## [Data excerpts]
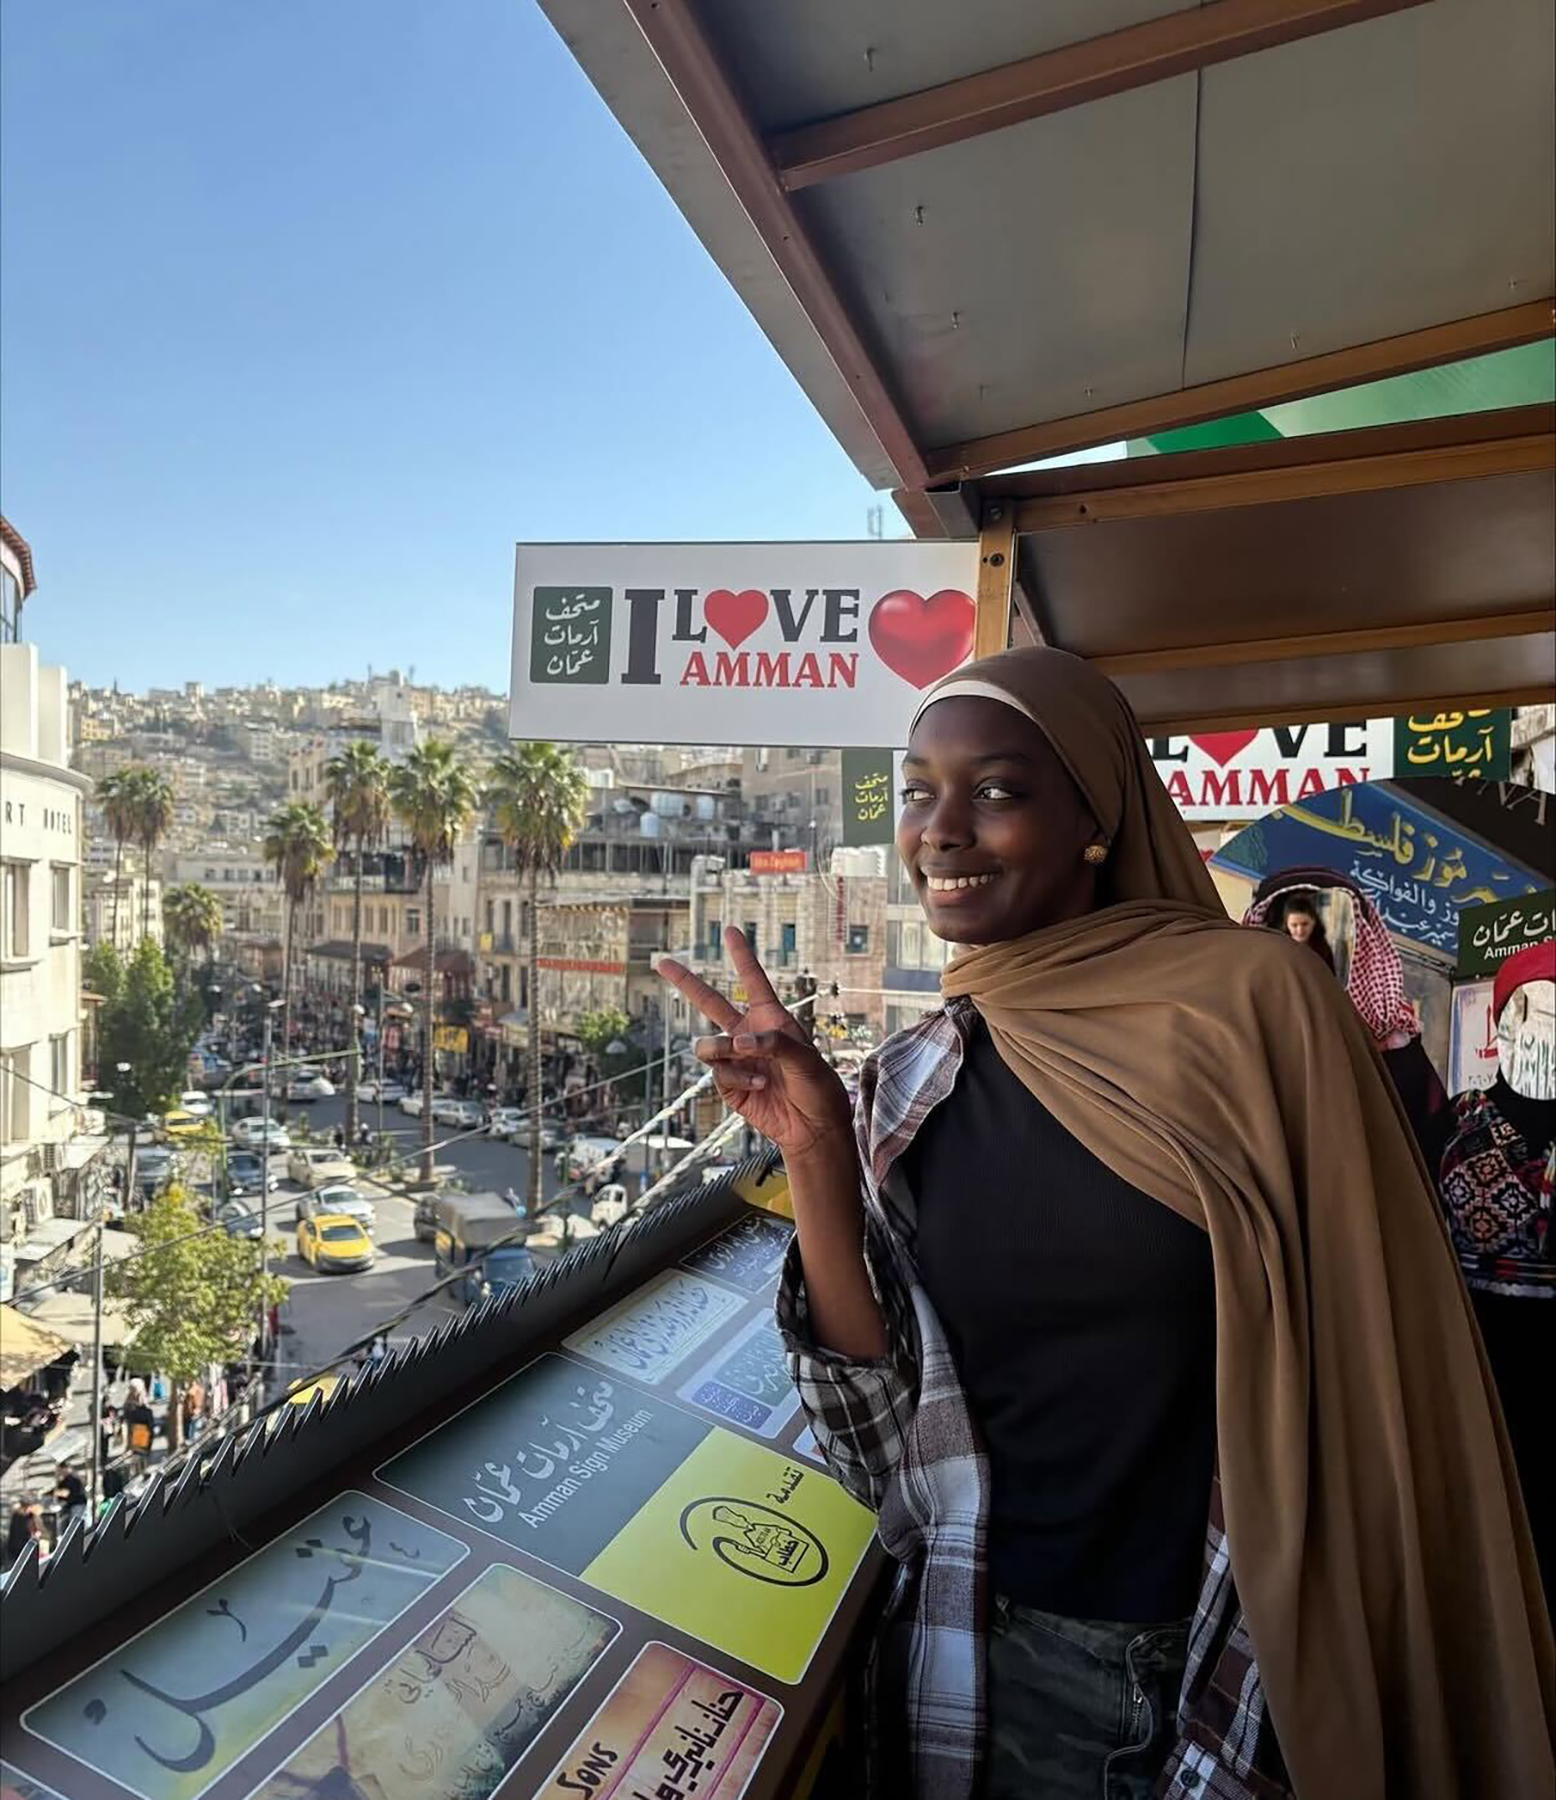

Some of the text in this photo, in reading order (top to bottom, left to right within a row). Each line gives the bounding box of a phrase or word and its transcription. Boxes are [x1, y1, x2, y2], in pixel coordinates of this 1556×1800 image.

[545, 595, 601, 620] متحف
[544, 620, 599, 646] آرمات
[621, 588, 666, 685] I
[679, 651, 860, 689] AMMAN
[1407, 726, 1494, 765] آرمات
[569, 1381, 614, 1432] متحف
[518, 1408, 655, 1529] Amman Sign Museum
[556, 1741, 619, 1800] SONS
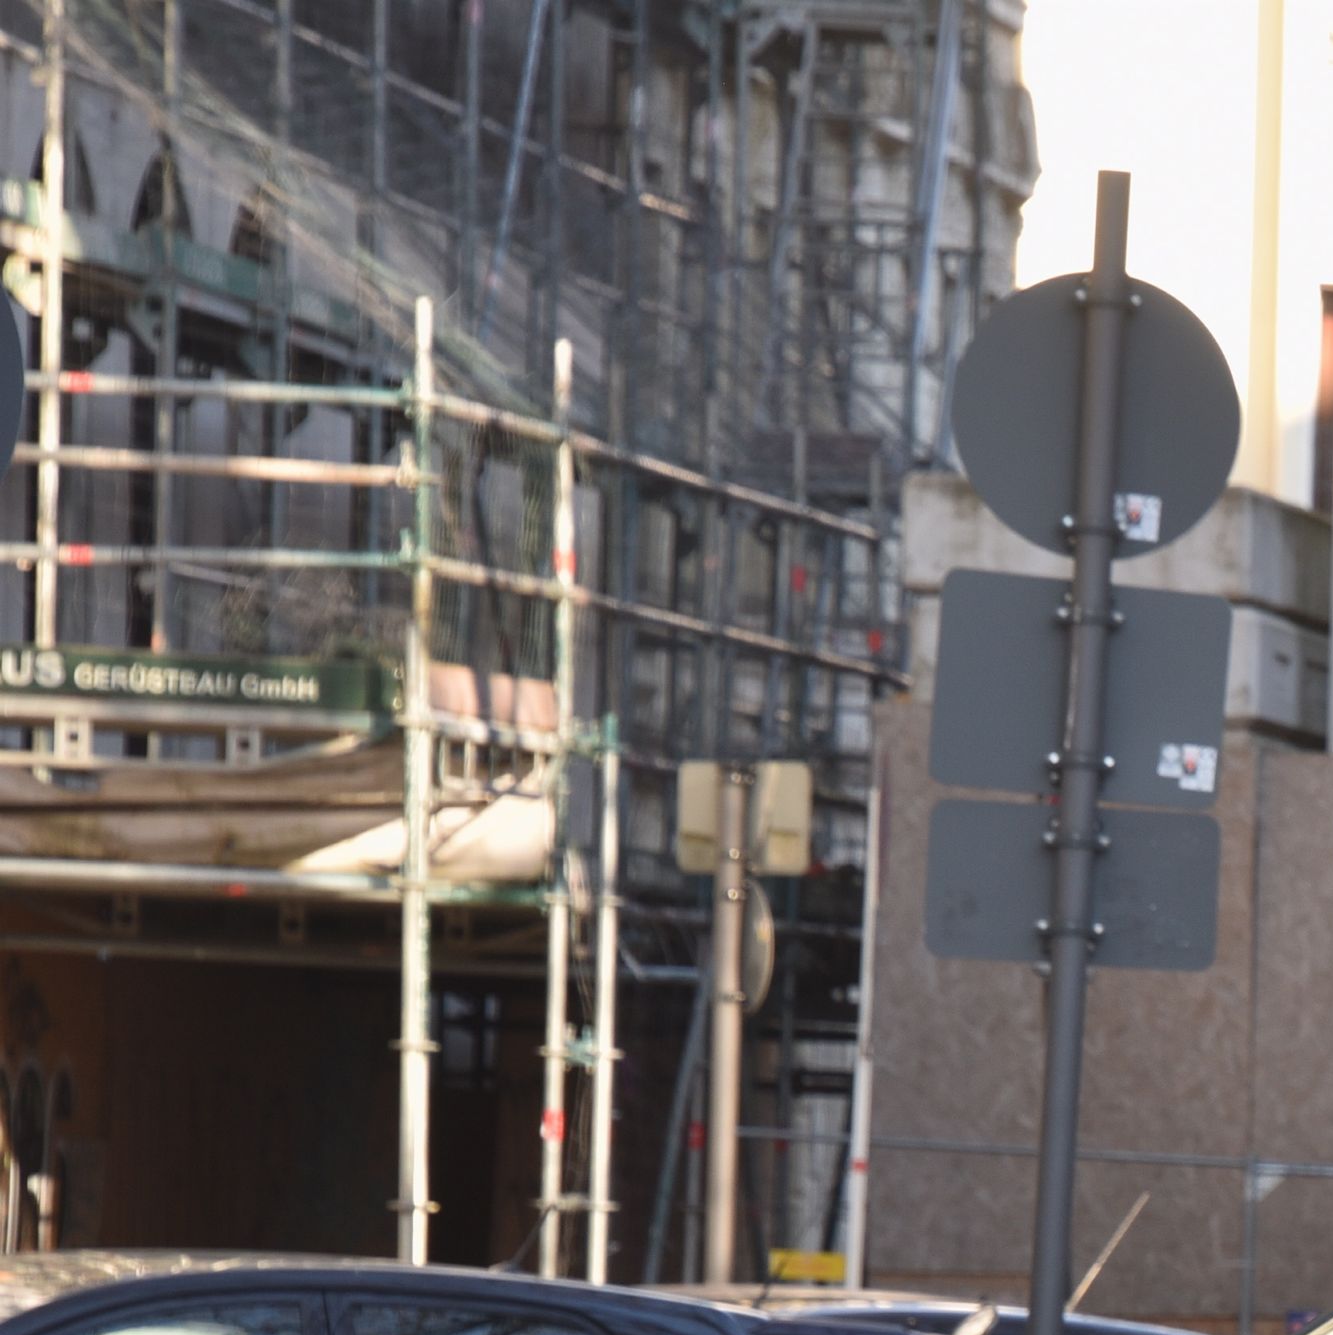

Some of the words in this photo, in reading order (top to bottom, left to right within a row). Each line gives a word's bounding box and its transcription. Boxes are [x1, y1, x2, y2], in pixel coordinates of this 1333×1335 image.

[0, 649, 67, 688] US
[73, 662, 237, 698] GERÜSTBAU
[240, 673, 320, 703] GmbH

## [What the exercise asks]
Repeat, word for word, each of the records, omitting any image they hold.

## [Result of this task]
Some of the text in this photo, in reading order (top to bottom, left to right within a row). Each line gives the bounding box of a phrase or word and its transcription. Boxes are [x1, y1, x2, y2], in pixel coordinates of this 1556×1800 image.

[545, 595, 601, 620] متحف
[544, 620, 599, 646] آرمات
[621, 588, 666, 685] I
[679, 651, 860, 689] AMMAN
[1407, 726, 1494, 765] آرمات
[569, 1381, 614, 1432] متحف
[518, 1408, 655, 1529] Amman Sign Museum
[556, 1741, 619, 1800] SONS

Some of the words in this photo, in reading order (top to bottom, left to right within a row). Each line gives a word's bounding box and its transcription. Boxes are [x1, y1, x2, y2], in pixel coordinates of this 1333×1335 image.

[0, 649, 67, 688] US
[73, 662, 237, 698] GERÜSTBAU
[240, 673, 320, 703] GmbH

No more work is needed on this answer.